HPCs and LCFs are large resources, and future generations of these facilities are expected to have artificial intelligence and machine learning as principal application targets. Considerable effort has been devoted to bringing HPCs and LCFs into PanDA, leading to the development of the fine-grained work scheduling capability in the PanDA ecosystem to enable the high-efficient utilization of these resources. Harvester has played a key role in dealing with various HPC/LCF-specific requirements and operational constraints. The rapidly growing Function-as-a-Service (FaaS) area has been identified as a possible solution to leverage HPCs and LCFs effectively. A high-performance FaaS system, funcX [77], orchestrates scientific workloads across diverse resources, operating as a persistent gateway service in front of an HPC/LCF to route workloads to the resource. New Harvester plugins are under development to integrate funcX with the PanDA ecosystem, such that funcX provides a secure and capable access path for PanDA workloads to reach HPC/LCF resources and be executed by a trusted and locally resident service.

As illustrated by the previous examples, advanced and complex workflows have gained increasing importance in scientific experiments. Support for these workflows allows users to exploit remote computing resources and service providers distributed worldwide, overcoming limitations on local resources and services. The computing options keep increasing across traditional resource providers as well as emerging service levels like FaaS, Platform-as-a-Service (PaaS), and Container-as-a-Service (CaaS), each one providing new advantages and constraints.

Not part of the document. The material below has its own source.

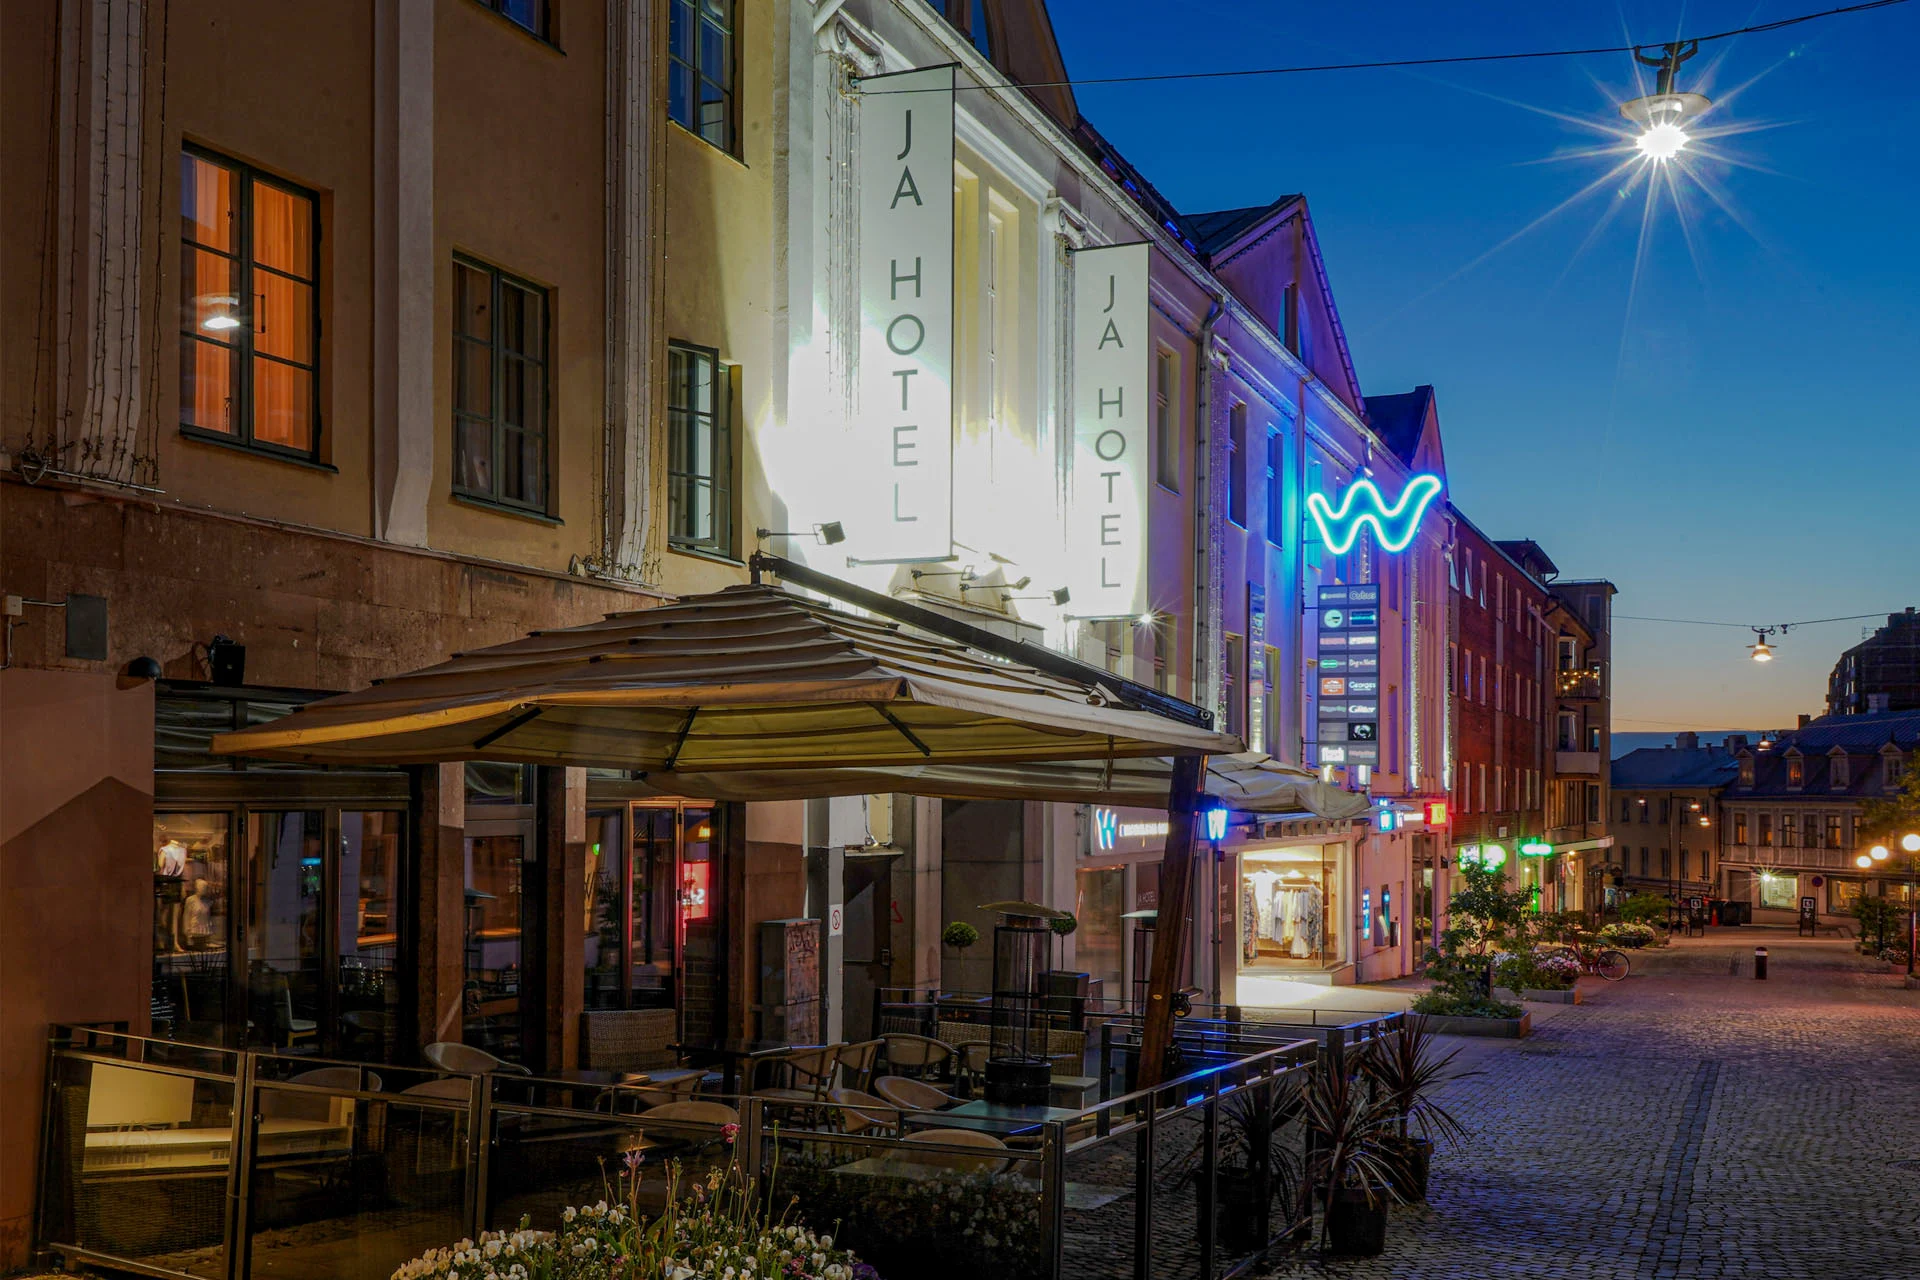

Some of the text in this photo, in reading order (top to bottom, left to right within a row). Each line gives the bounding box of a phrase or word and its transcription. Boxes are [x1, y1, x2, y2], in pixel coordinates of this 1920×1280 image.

Users can significantly benefit from these providers, but at the same time, it is cumbersome to deal with multiple providers even in a single analysis workflow with fine-grained requirements coming from their applications’ nature and characteristics. There are quite a lot of issues to address, such as the isolation of users from the complexities of distributed heterogeneous providers, resource provisioning for CPU and GPU hybrid applications, integration of FaaS, PaaS, and CaaS providers, smart workload routing, knowledge-based automatic data placement, seamless execution of complex workflows, interoperability between pledged and user resources, interactivity for users on top of asynchronous resources, and on-demand data production. The PanDA ecosystem has been ready to cope with these issues and develop solutions for present and future data-intensive experiments.

Conclusions

It is an extremely difficult challenge to manage data-intensive workloads in terms of effective resource usage, proactive placement of large volumes of data, and quick delivery of analysis results. PanDA provides a solution for scientific experiments to fully exploit their distributed heterogeneous resources fully with demonstrated scalability, usability, flexibility, and robustness. The modular and horizontally scalable architecture of PanDA has been successfully proven over nearly two decades of steady operation in ATLAS, allowing incremental system evolution to adapt to emerging computing technologies in processing, storage, networking, and distributed computing middleware.

The PanDA system has performed very well for ATLAS including the LHC Run 1 and Run 2 data-taking periods while expanding the scope to two big data experiments, the Vera C. Rubin Observatory and the sPHENIX experiment.

Advanced and complex workflows have gained increasing importance in science experiments, driving the steady growth of PanDA evolving into an ecosystem. There are a great number of issues to support emerging workflows and computing technologies, and new developments and challenges are still coming. The PanDA ecosystem is ready to cope with those issues and develop solutions for present and future data-intensive experiments.